DENNIS D. FEREBEE : Submitted by: Bob Stokley
The following is from Dictionary of North Carolina Biography, ed. William S. Powell, Vol 2 D-G, pp. 187-188. Dennis D.Ferebee was a very prominent Camden County citizen. ***********
Dennis Dozier Ferebee (9 Nov 1815 - 27 Apr 1884) Confederate officer and political officer was born in Currituck County but in 1834 moved to Camden County to make his permanent residence in South Mills. His grandfather, William Ferebee, represented Currituck in the colonial assemblies, and his father, Samuel Ferebee, was a man of considerable local prestige. His mother, Peggy Dauge Ferebee, was a descendant of the French Huguenot immigrant, Peter Dauge (the name was later changed to Dozier). Dennis Dozier Ferebee was the fourteenth child of Samuel and Peggy Ferebee. After he was graduated from the University of North Carolina in 1839 , he studied law with Judge William Gaston of New Bern but practiced only briefly.

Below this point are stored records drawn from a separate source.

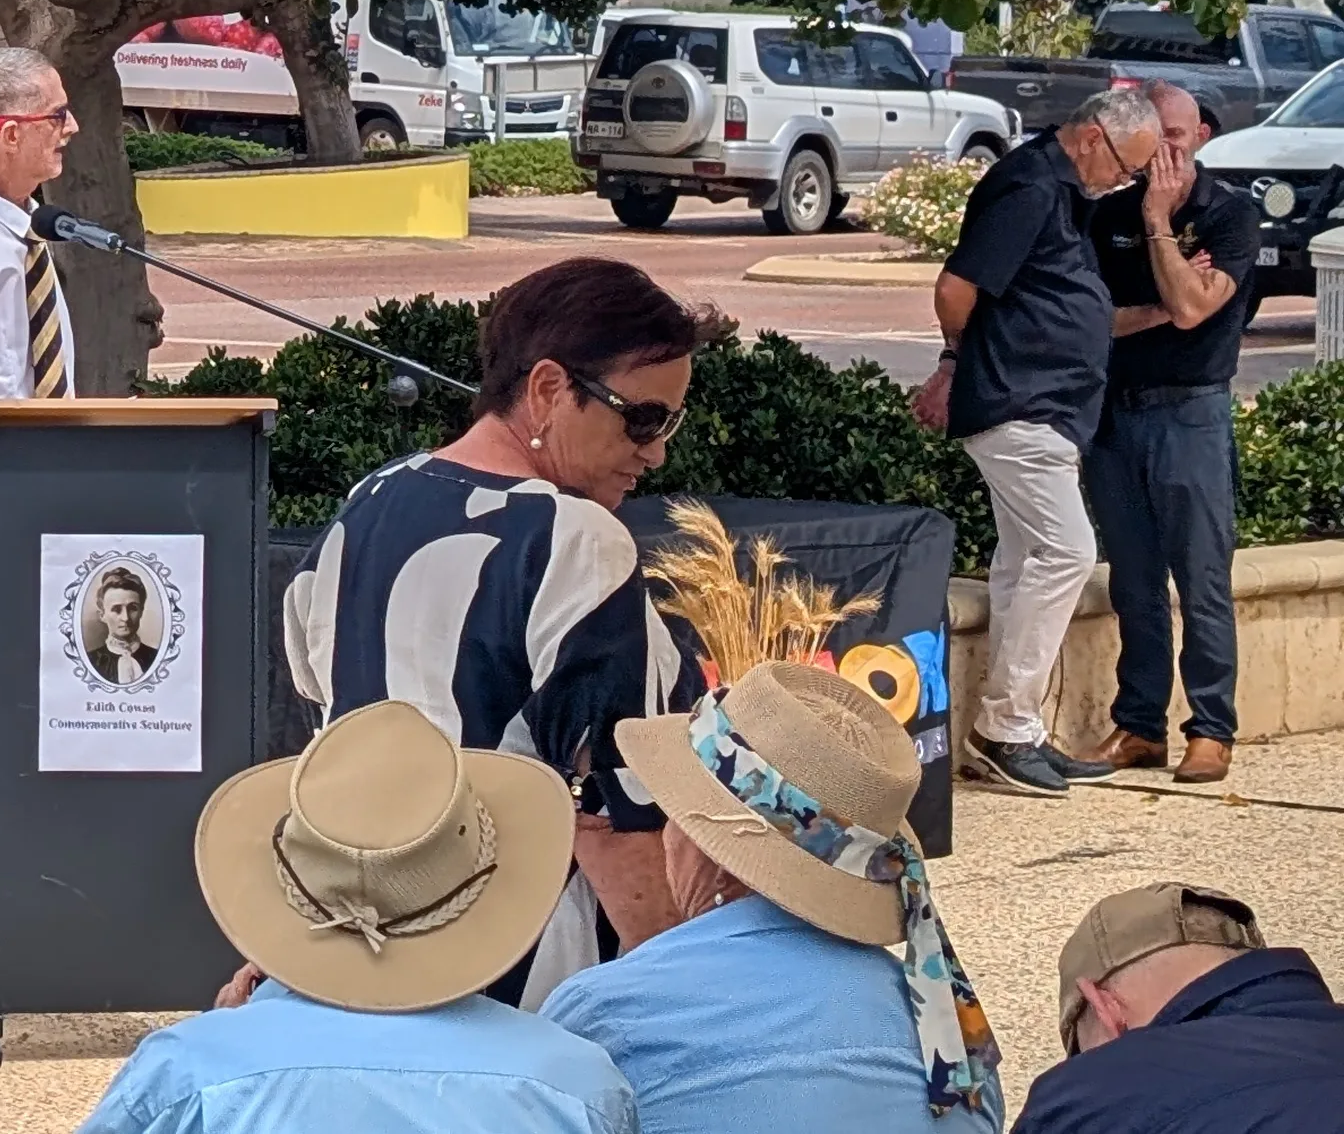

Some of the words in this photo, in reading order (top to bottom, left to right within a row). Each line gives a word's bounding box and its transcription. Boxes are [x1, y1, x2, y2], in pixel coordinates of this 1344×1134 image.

[117, 52, 168, 68] Delivering
[170, 53, 218, 68] freshness
[220, 56, 248, 72] daily
[418, 93, 443, 107] Zeke
[86, 701, 115, 713] Edith
[118, 702, 156, 714] Cowan
[48, 718, 137, 730] Commemorative
[139, 719, 193, 733] Sculpture

In 1842 he married Sarah McPherson, the daughter of a wealthy planter, Willie McPherson; she inherited a substantial share of her father's vast estate, which Ferebee returned to South Mills to manage. Three years later he was elected to the House of Commons; he was re-elected in 1848, 1856, 1858, and 1860.
Ferebee opposed secession as unconstitutional, maintaining that the Constitution of the United States "is not a league of confederacy but a government founded on the adoption of the people" and "no state authority has the power to dissolve these relations". He lost his point, of course, and, like the majority of his fellow citizens, wholeheartedly cast his lot with the Confederacy and joined the Southern army. He was the first commander of the Fifty-ninth Regiment of North Carolina Troops (Fourth NC Cavalry Regiment), which was organized at Garysburg in the summer of 1862. On 8 May 1863 orders came for Colonel Ferebee to report to General Robert E. Lee for duty. His regiment fought with distinction from North Carolina to Gettysburg.
After the downfall of the Confederacy, Ferebee became an active state figure. He was elected to the North Carolina convention of 1865, where he took a prominent part in the debates. In the General Assembly that followed the convention, he was defeated by Thomas Settle for speaker of the senate. He was later appointed by Governor Jonathan Worth to work with W. A. Graham and Judge William H. Battle as a committee to investigate the circumstances of the university, which was closed from 1871-1875 because of political control and lack of support from the public. After submitting the committee's report Ferebee returned to his home and family in Camden County.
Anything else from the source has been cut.